Pictures stay out. Everything else in the entries is copied exactly.

■ MATERIAL FOR THIS TASK
Content starts

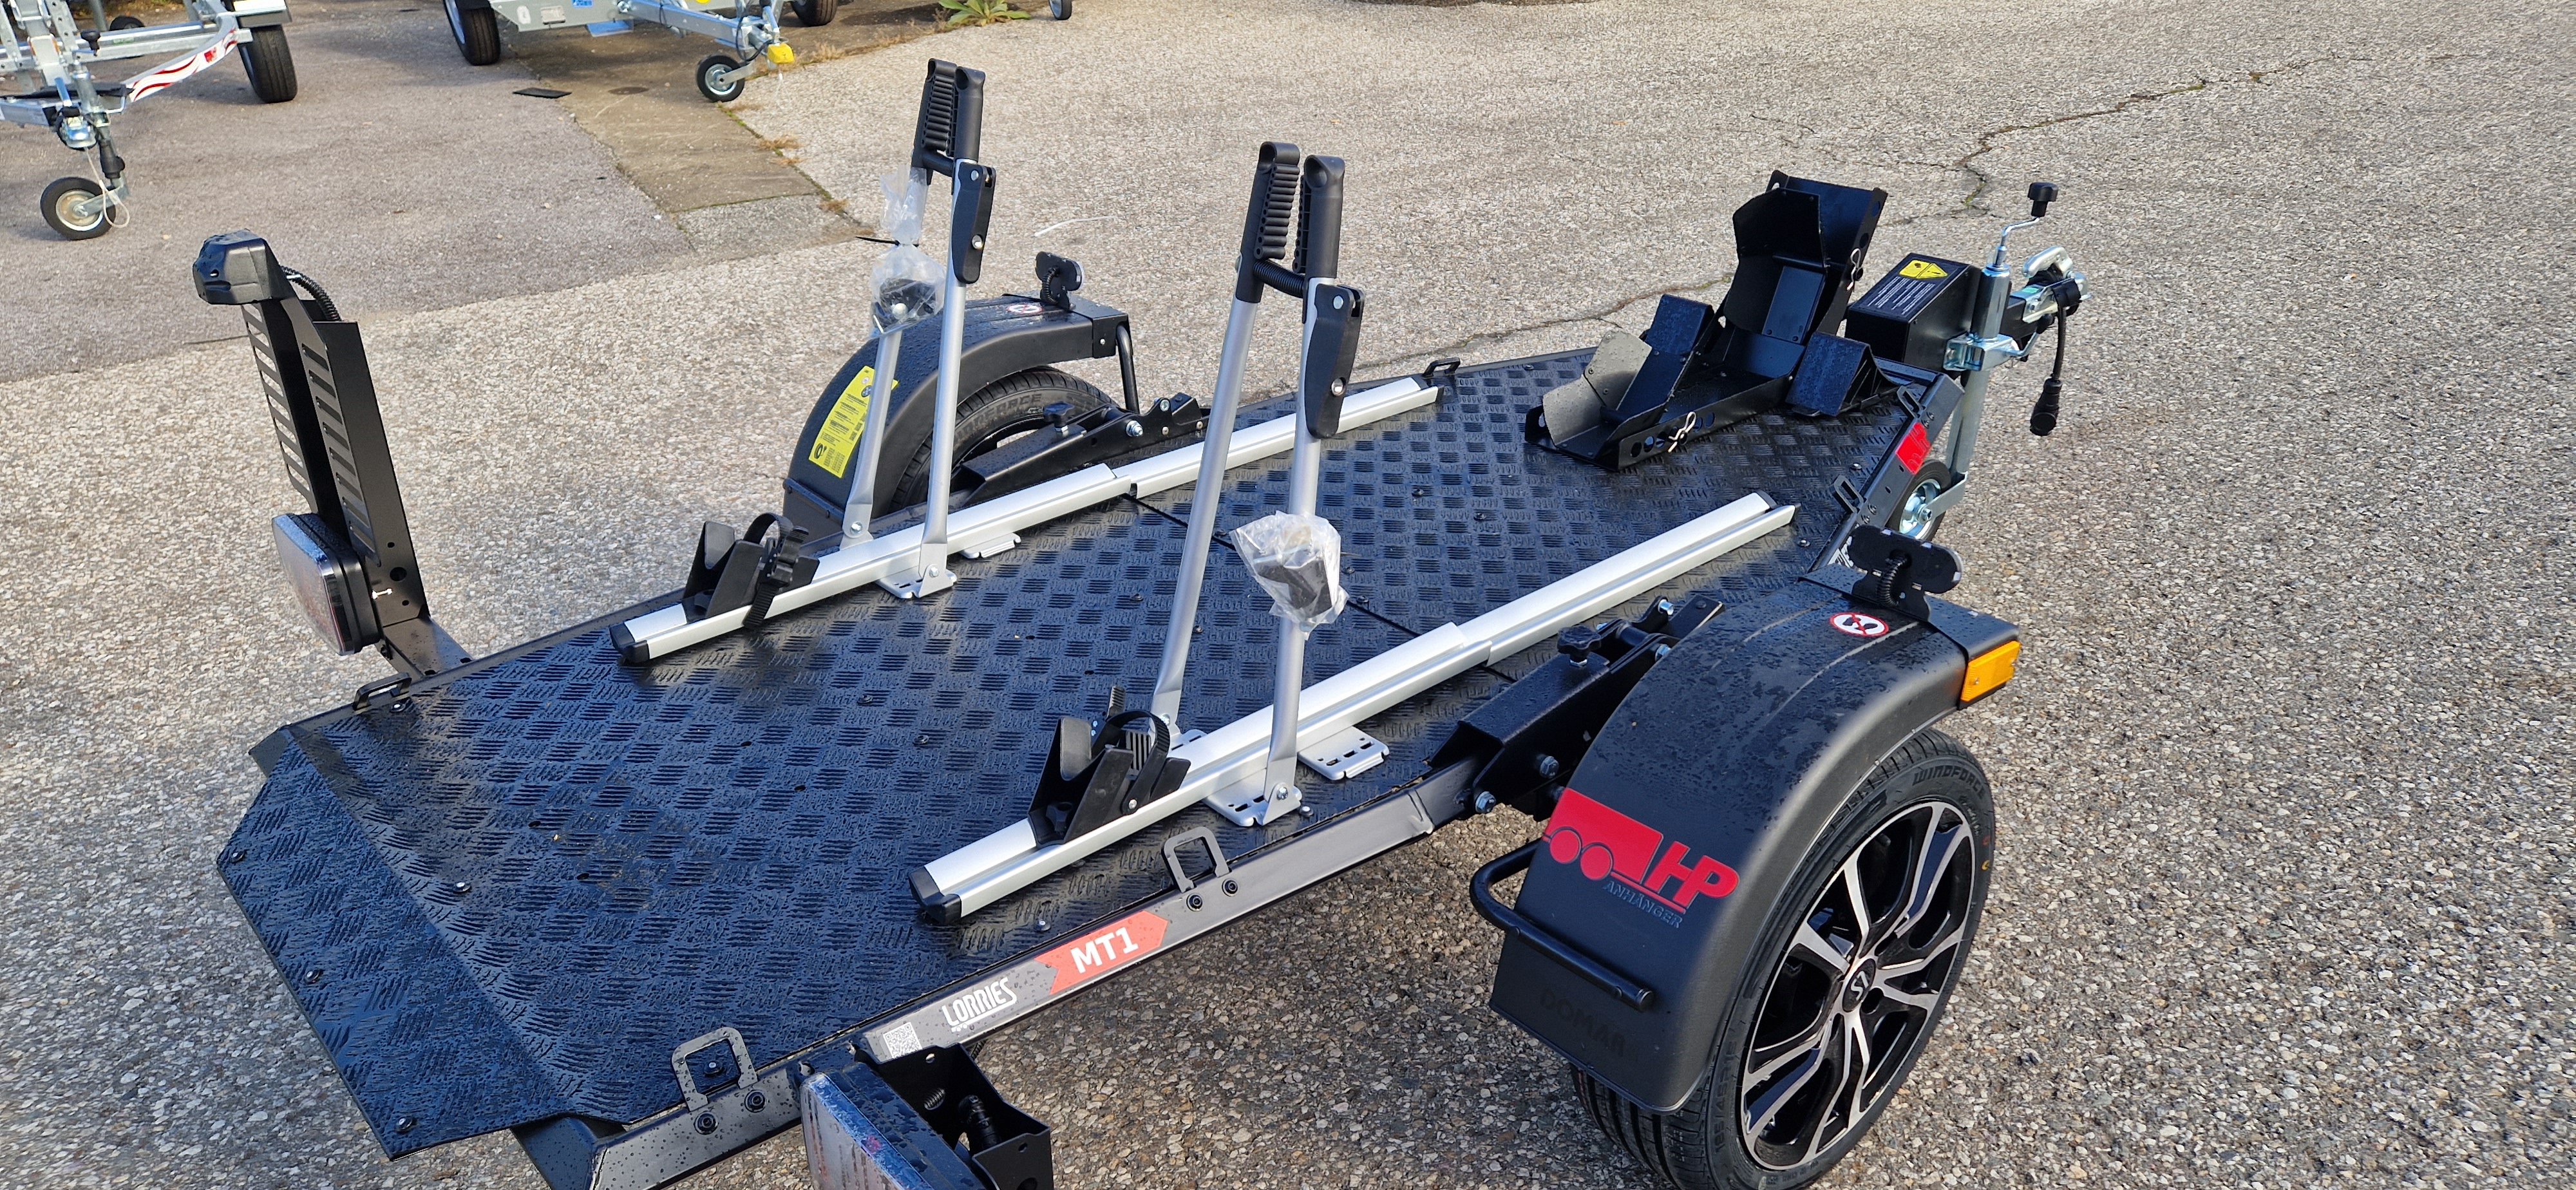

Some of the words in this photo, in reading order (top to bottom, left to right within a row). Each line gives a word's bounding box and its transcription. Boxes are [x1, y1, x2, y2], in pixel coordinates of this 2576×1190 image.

[1912, 764, 1985, 799] WINDFORCE
[1643, 840, 1740, 909] HP
[1070, 927, 1139, 974] MT1
[941, 977, 1018, 1027] LORRIES

Content ends

■ TASK OUTPUT
Some of the words in this photo, in reading order (top to bottom, left to right within a row). Each line gives a word's bounding box and its transcription. Boxes are [x1, y1, x2, y2], in pixel coordinates of this 2576×1190 image.

[1912, 764, 1985, 799] WINDFORCE
[1643, 840, 1740, 909] HP
[1070, 927, 1139, 974] MT1
[941, 977, 1018, 1027] LORRIES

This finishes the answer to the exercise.